Whilst still grieving for her loss, a week later my sister called to tell me that our father had been diagnosed with prostate cancer and was at a hospital close by to me under-going treatment. No words could do justice to how much raw emotion was pulsing through my body when I heard this and for the hours post. I was completely numb. All I kept thinking was, why does the universe hate me?? What have I done to pee off the universe?? All I want to do with my life was love and help heal others, and here was the universe, taking away my beautiful angel and throwing more crap at me with the news of my father.
Two and half weeks post, my father is still in hospital. They found secondary bone cancer in his pelvis so he is under-going further treatment for that as well.
The answer to one of the questions that I am sure is on your mind whilst reading this, did I go and see my father and re-connect to my family. The answer is yes. After 24 hours of trying to process, and a long sleepless night, I did go and see my father. He cried, and told me stories of what had happened, and all of the “dirty laundry” of my family for the past eight years. I have now seen him several times since being in hospital. The future of my relationship with him, and my family, I have yet to work through. There are many more emotions to process with this one, which I won’t pretend that I have answers for. I am sure intuition will continue to guide me.
The Law of Impermanence has smacked me hard these past few weeks. I have grieved, I have cried more than a million tears for my beautiful girl, and dealt with a whole other world of emotions when it comes to family.
I am still grieving. I am still very confused about the re-connection to my family. I still feel empty, alone, scared, frightened and vulnerable. But that is the thing about The Law of Impermanence, these feelings will not be with me forever.
I am going to honour my beautiful angel, and spend the time grieving her loss. I am going to feel every excruciating moment of the pain of her loss, because she deserved it. But what I am also going to feel, is her love radiating from within me. You see, I also understand, I am love, she is love, and we will never be parted. She has a beautiful soul, a soul filled with love for everybody she met, literally. She would run up to strangers on our walk’s, stand and stare happily and wag her tail until they patted her. And every single person would melt and pat her. She bought smiles and love to everybody. One of my amazing friends said to me in the days directly after she passed, that everything that she was, that fun loving beautiful kind soul, she got from me. That she was like that, because I was. I truly hope and believe that to be true, because she certainly brightened everybody’s life that she was in contact with. The most pure unconditional love I have ever seen or experienced.

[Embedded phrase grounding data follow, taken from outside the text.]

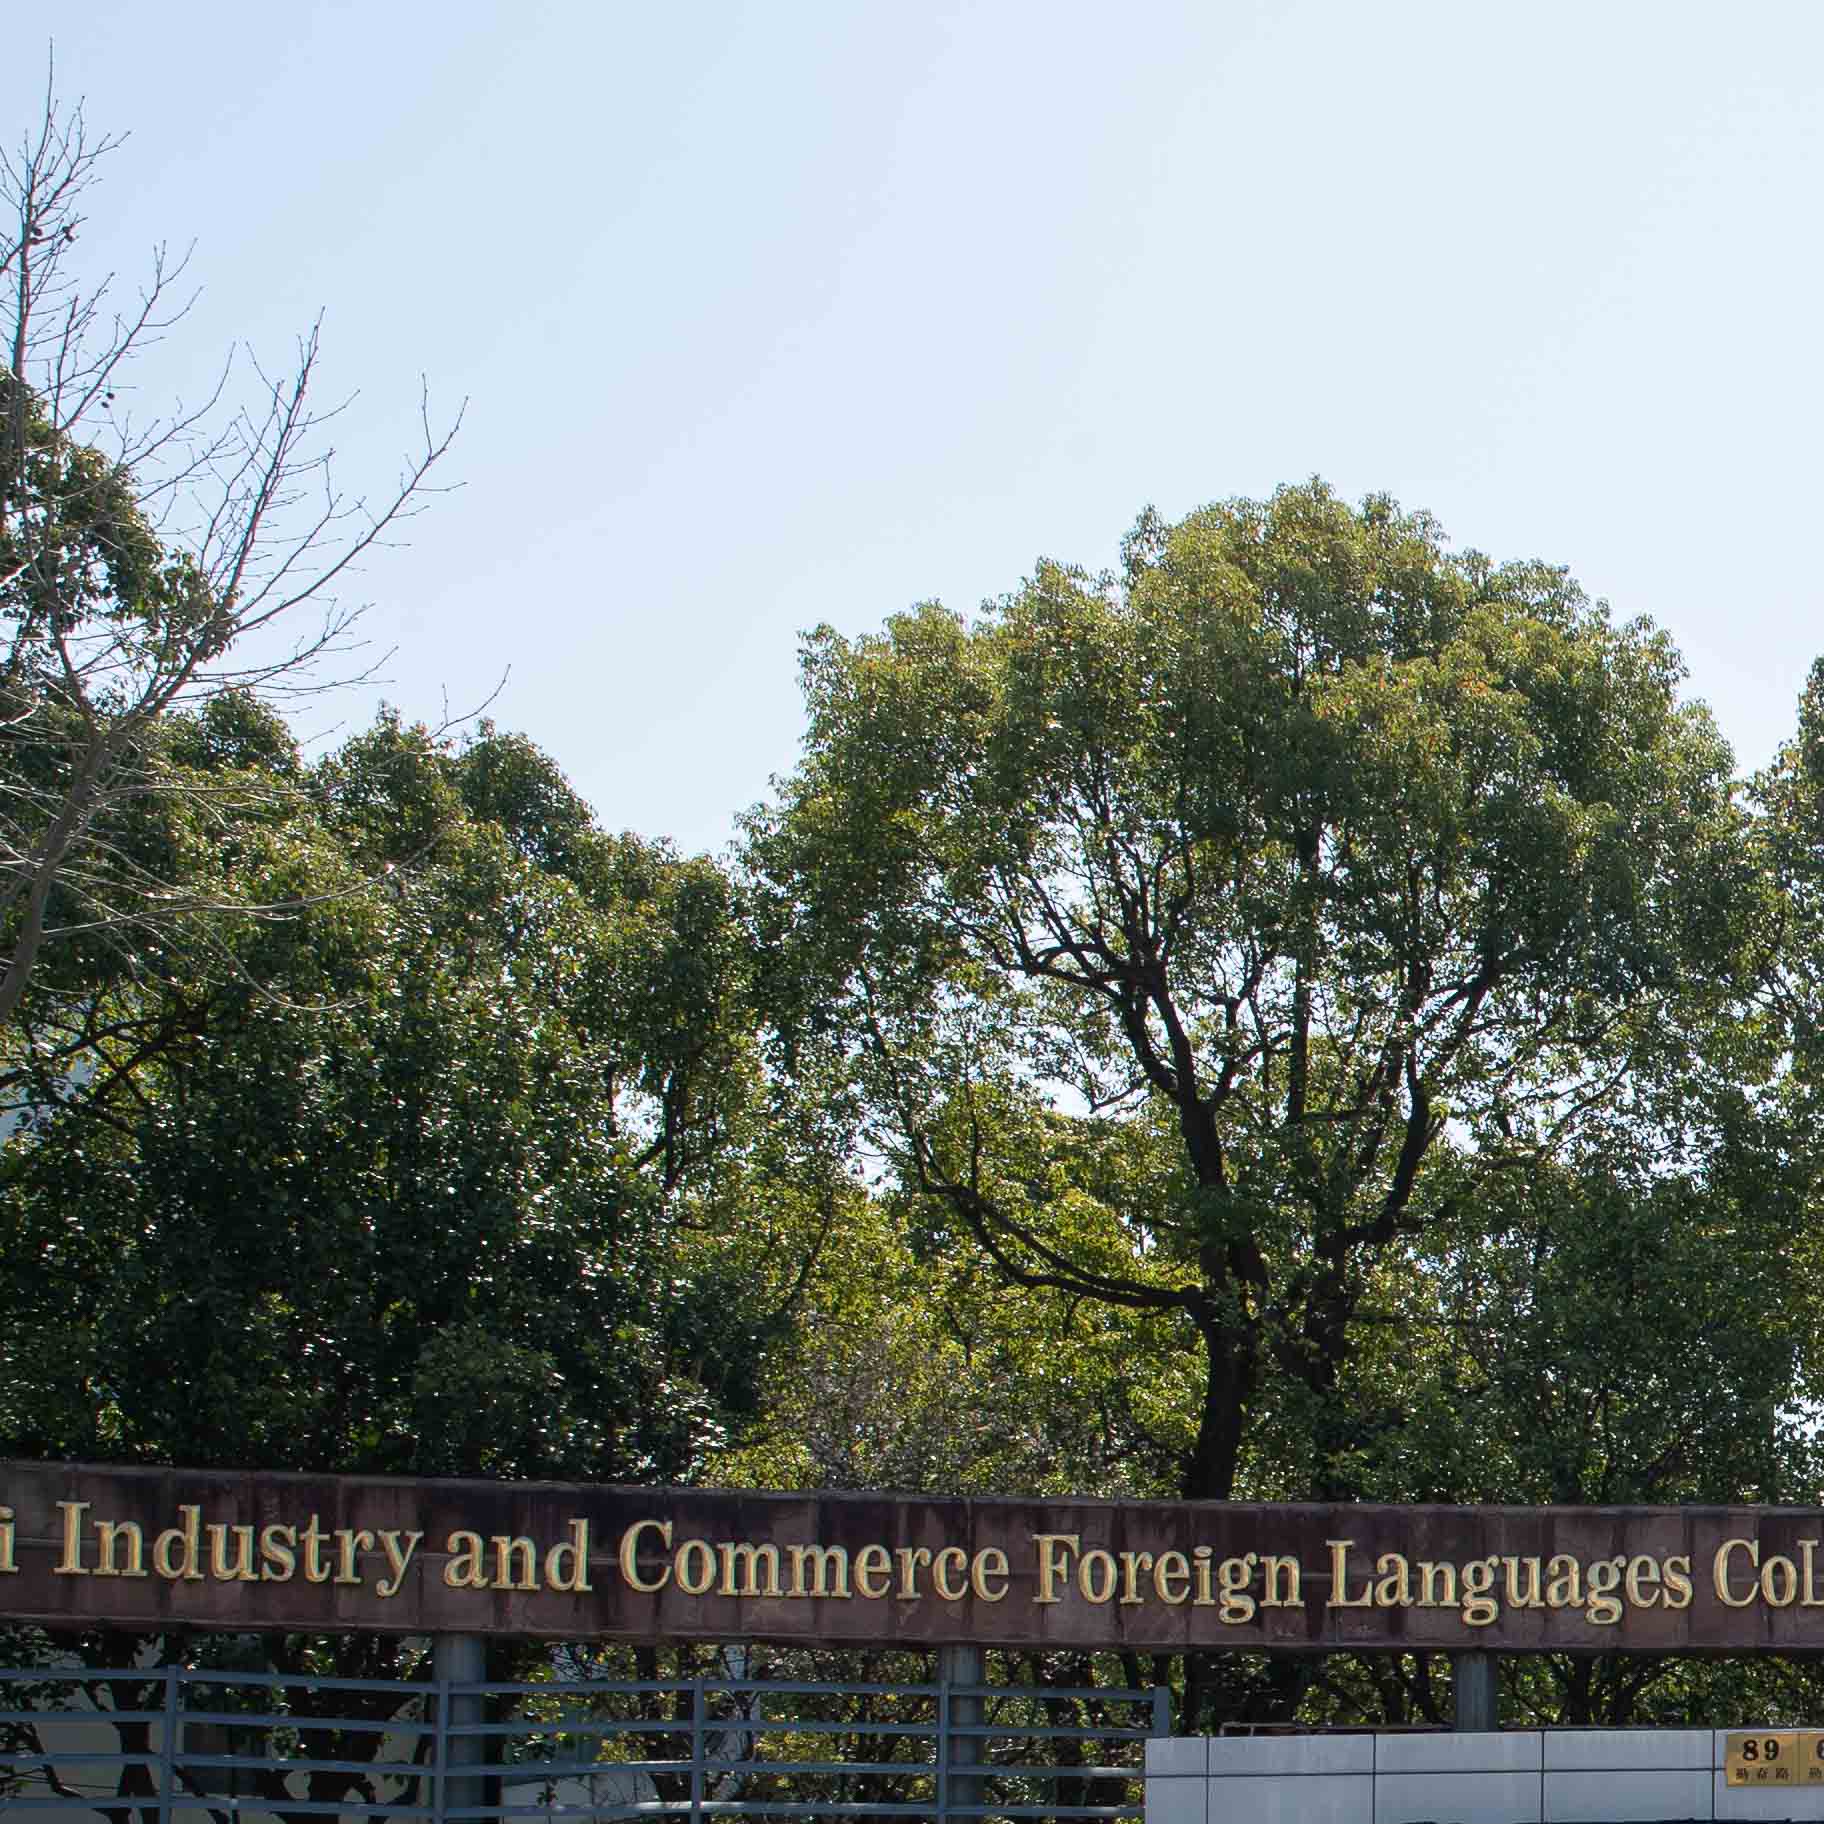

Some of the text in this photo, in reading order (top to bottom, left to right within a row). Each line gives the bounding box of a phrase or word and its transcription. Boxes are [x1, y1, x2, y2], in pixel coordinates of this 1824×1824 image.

[53, 1499, 425, 1599] Industry
[443, 1518, 593, 1593] and
[618, 1518, 1010, 1602] Commerce
[1031, 1533, 1306, 1625] Foreign
[1325, 1539, 1693, 1626] Languages
[1741, 1738, 1781, 1761] 89
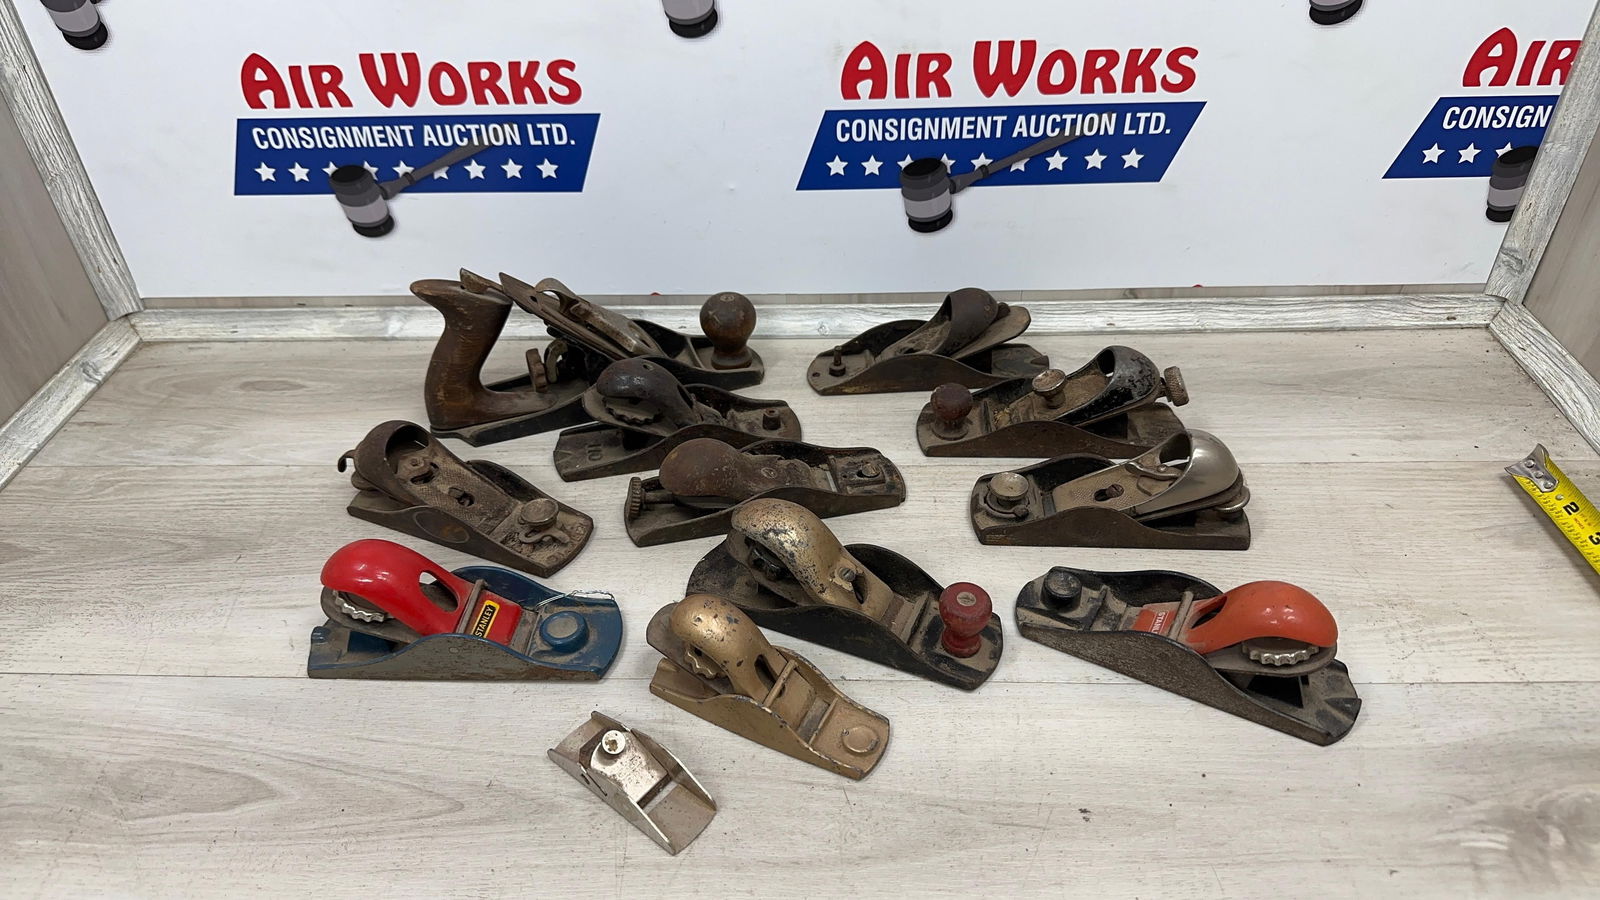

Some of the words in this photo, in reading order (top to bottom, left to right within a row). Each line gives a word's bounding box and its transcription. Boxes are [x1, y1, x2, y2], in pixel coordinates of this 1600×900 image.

[241, 53, 353, 109] AIR
[359, 52, 582, 108] WORKS
[841, 40, 953, 100] AIR
[973, 39, 1198, 97] WORKS
[836, 115, 1007, 142] CONSIGNMENT
[1012, 112, 1117, 139] AUCTION
[1123, 112, 1172, 136] LTD.
[1442, 105, 1553, 129] CONSIGN
[252, 126, 414, 150] CONSIGNMENT
[423, 123, 522, 147] AUCTION
[529, 123, 576, 146] LTD.
[1563, 501, 1580, 516] 2
[475, 605, 494, 638] STANLEY

Life is messy. Extremely messy. Messy good, and messy bad. But that is thing the Law of Impermanence teaches us. Nothing is permanent. So love every single second of being alive, even the bad. Because that is life. It is YOUR experience of life, and no matter how amazingly beautiful it is, or how excruciatingly painful it is, it is YOUR life and your experience. FEEL IT! Don’t crave anything different, do not try to push away the painful. Experience it all. Honestly, completely and truthfully. Embrace every single messy moment.